Second Life has a cadre of users who seem to hate everything that Linden Lab does, and complain bitterly about every change. Most of the service’s users seem content to shut up and use Second Life. If they get dissatisfied, they don’t complain much, they just stop logging in.

Some of the most vocal complaints seem justified, but many of them are just silly. For the silly variety, see the first comment on this post — for Pete’s sake, he’s a new employee introducing himself, don’t start complaining right away! It must be hard to do customer service for Linden Lab, the group of users who complain loudly about everything must make it hard for management to find the complaints that actually should be listened to.

I’ve seen the opposite of the Iron Law of Oligarchy at work. Twenty years ago, I was extremely active on an online service called GEnie. Owned by General Electric, GEnie was a market leader in the early 90s, the period of three years or so before the Internet really took off in 1994, when consumers mostly connected their computers over proprietary online services, including GEnie, CompuServe and AOL.
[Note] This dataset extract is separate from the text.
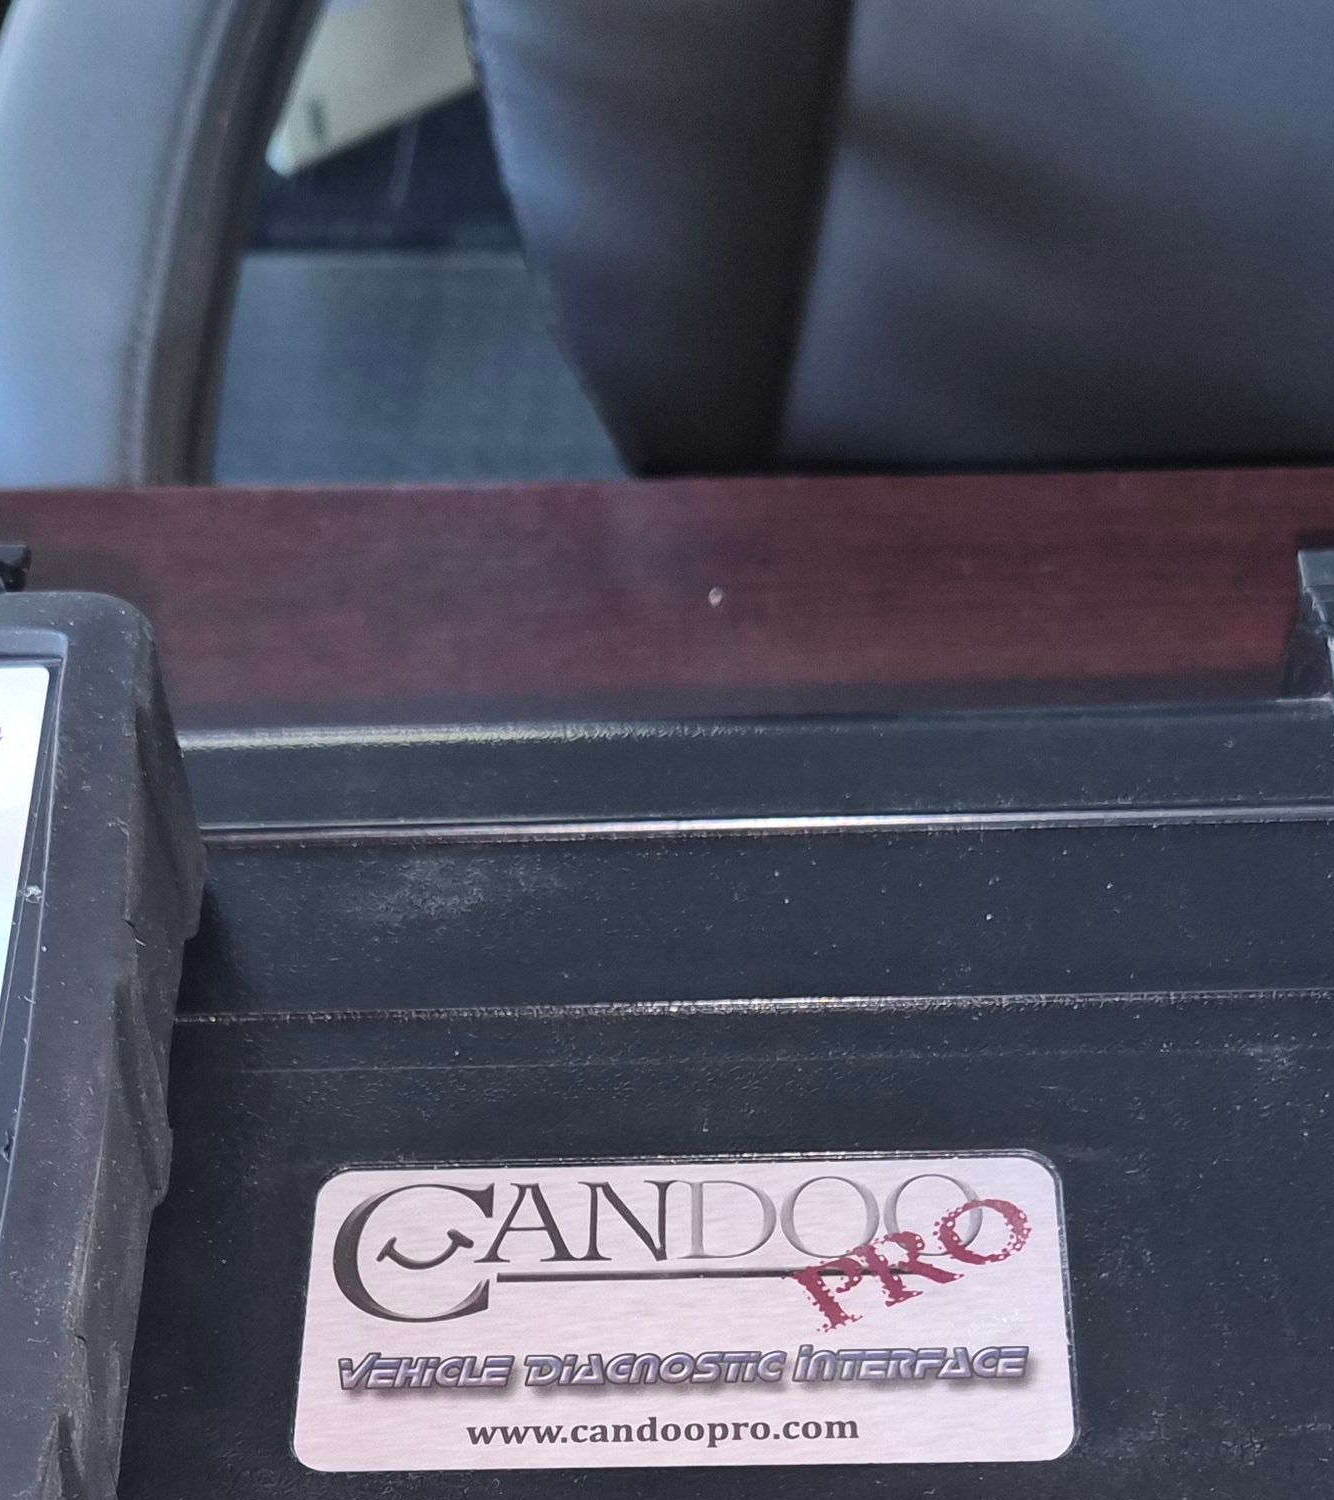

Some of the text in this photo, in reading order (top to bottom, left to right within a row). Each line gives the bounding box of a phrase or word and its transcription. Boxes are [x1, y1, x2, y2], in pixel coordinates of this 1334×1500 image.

[333, 1174, 1032, 1332] CANDOO PRO
[467, 1417, 860, 1449] www.candoopro.com
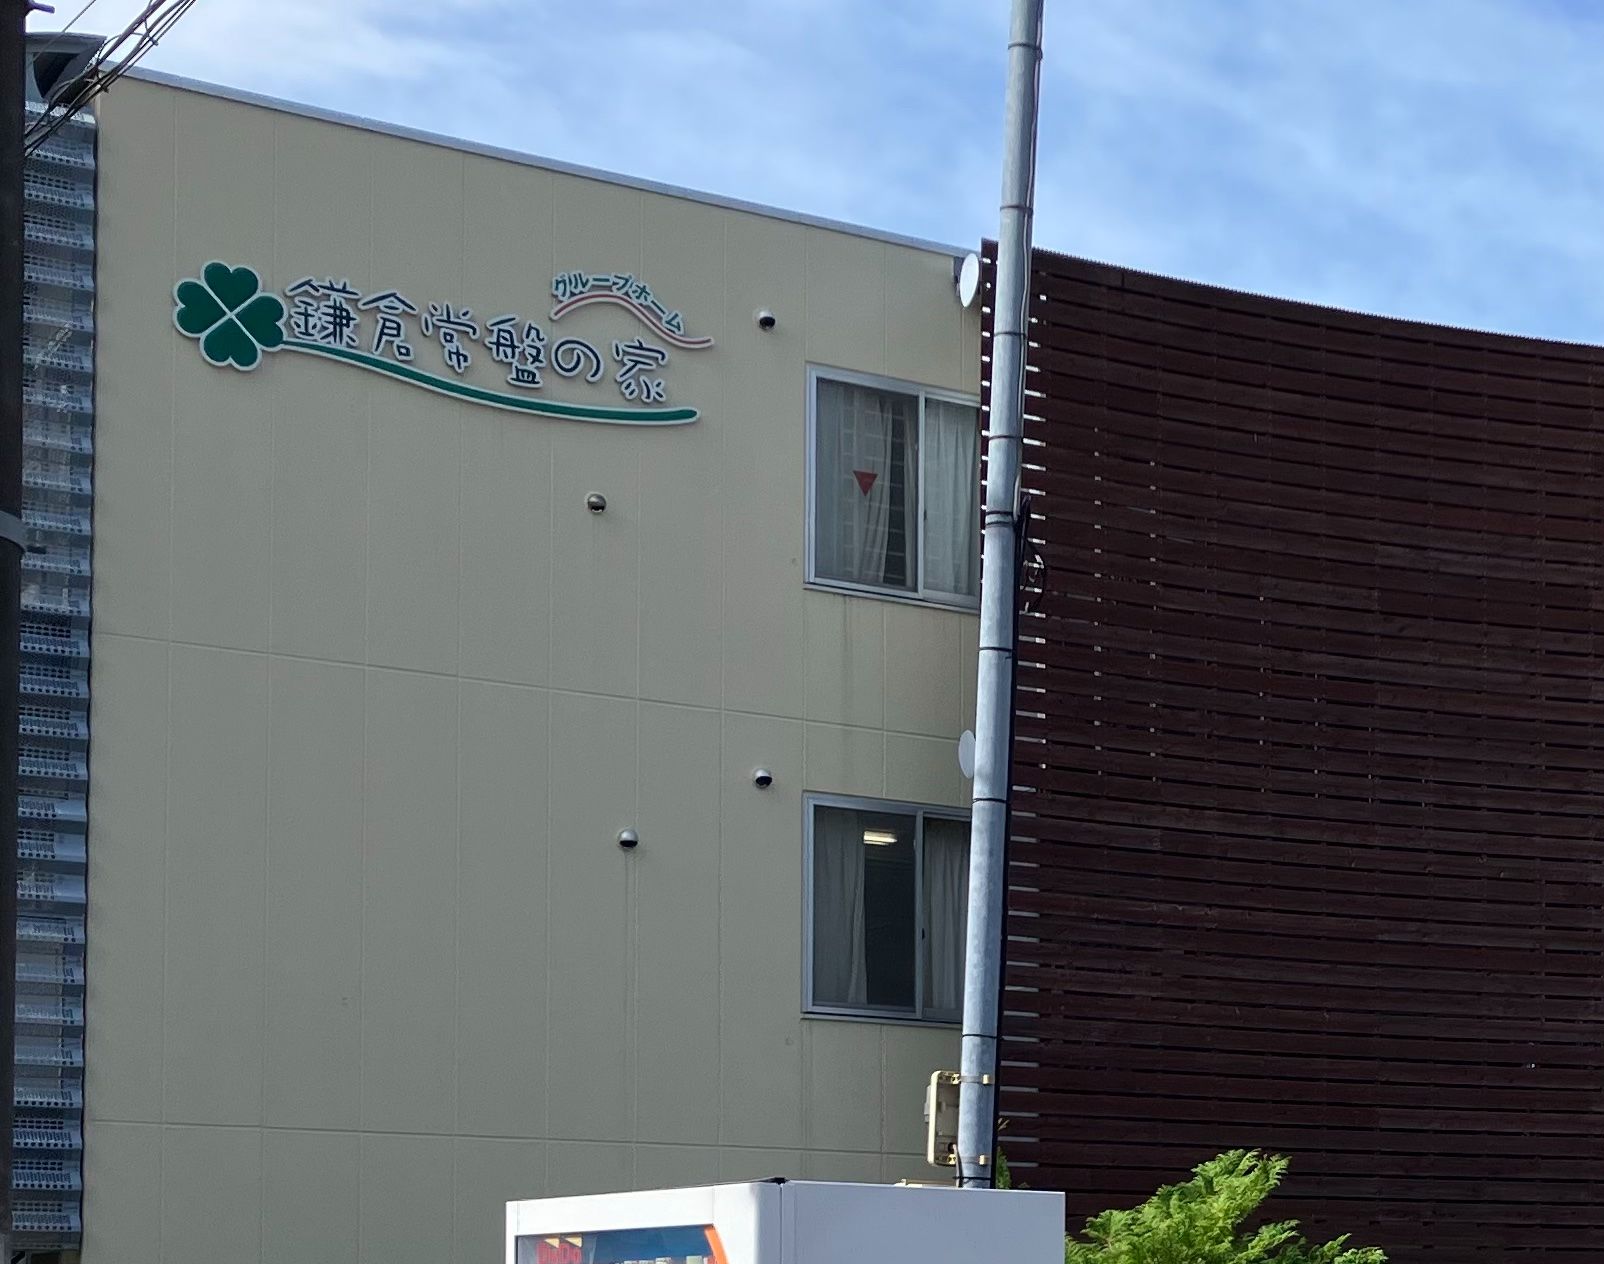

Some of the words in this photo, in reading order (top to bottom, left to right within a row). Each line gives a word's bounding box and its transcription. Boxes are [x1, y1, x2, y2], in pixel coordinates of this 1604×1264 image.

Like Second Life, GEnie had a small but fiercely loyal user base. But GEnie management had a history of hostility to its most loyal users. In an era when online services charged hourly rates for usage, GEnie launched a pay-one-price, all-you-can-eat service plan, and then management complained when users took advantage of it and stayed connected a long time. What did the management expect, anyway?

GEnie management commissioned a shiny new Windows user interface — Windows was new then — and ignored vocal criticism from existing users who said the new client software was crap.

GEnie management consistently behaved as if its existing, loyal customers really didn’t understand the service, and the existing customers’ needs were hostile to the needs of the millions of new customer who would come into the service any day now.

GEnie alienated its existing customers, and the anticipated new customers never came.

In 1992, GEnie was the second largest online service in the world, competing hot and heavy with CompuServe. AOL was a distant third, and the Internet was still only being used by a small group of researchers. Over the course of the next eight years, AOL bought CompuServe and then Time-Warner, the Internet took over the world, and GEnie — whose management thought its existing customers were idiots — shut down on Jan. 1, 2000. GEnie is now pretty much forgotten.

Second Life has a lot of problems, but its most loyal customers — even the ones who complain about everything — are not among them. They are the service’s greatest asset. To Linden Lab’s credit, they seem to understand this. From what I understand, the company plans a lot of changes to relaunch the service over the next six months. By summer, I think we’ll know for sure whether Second Life has a bright future, or whether it will follow GEnie and die the long, slow death of obsolete online communities.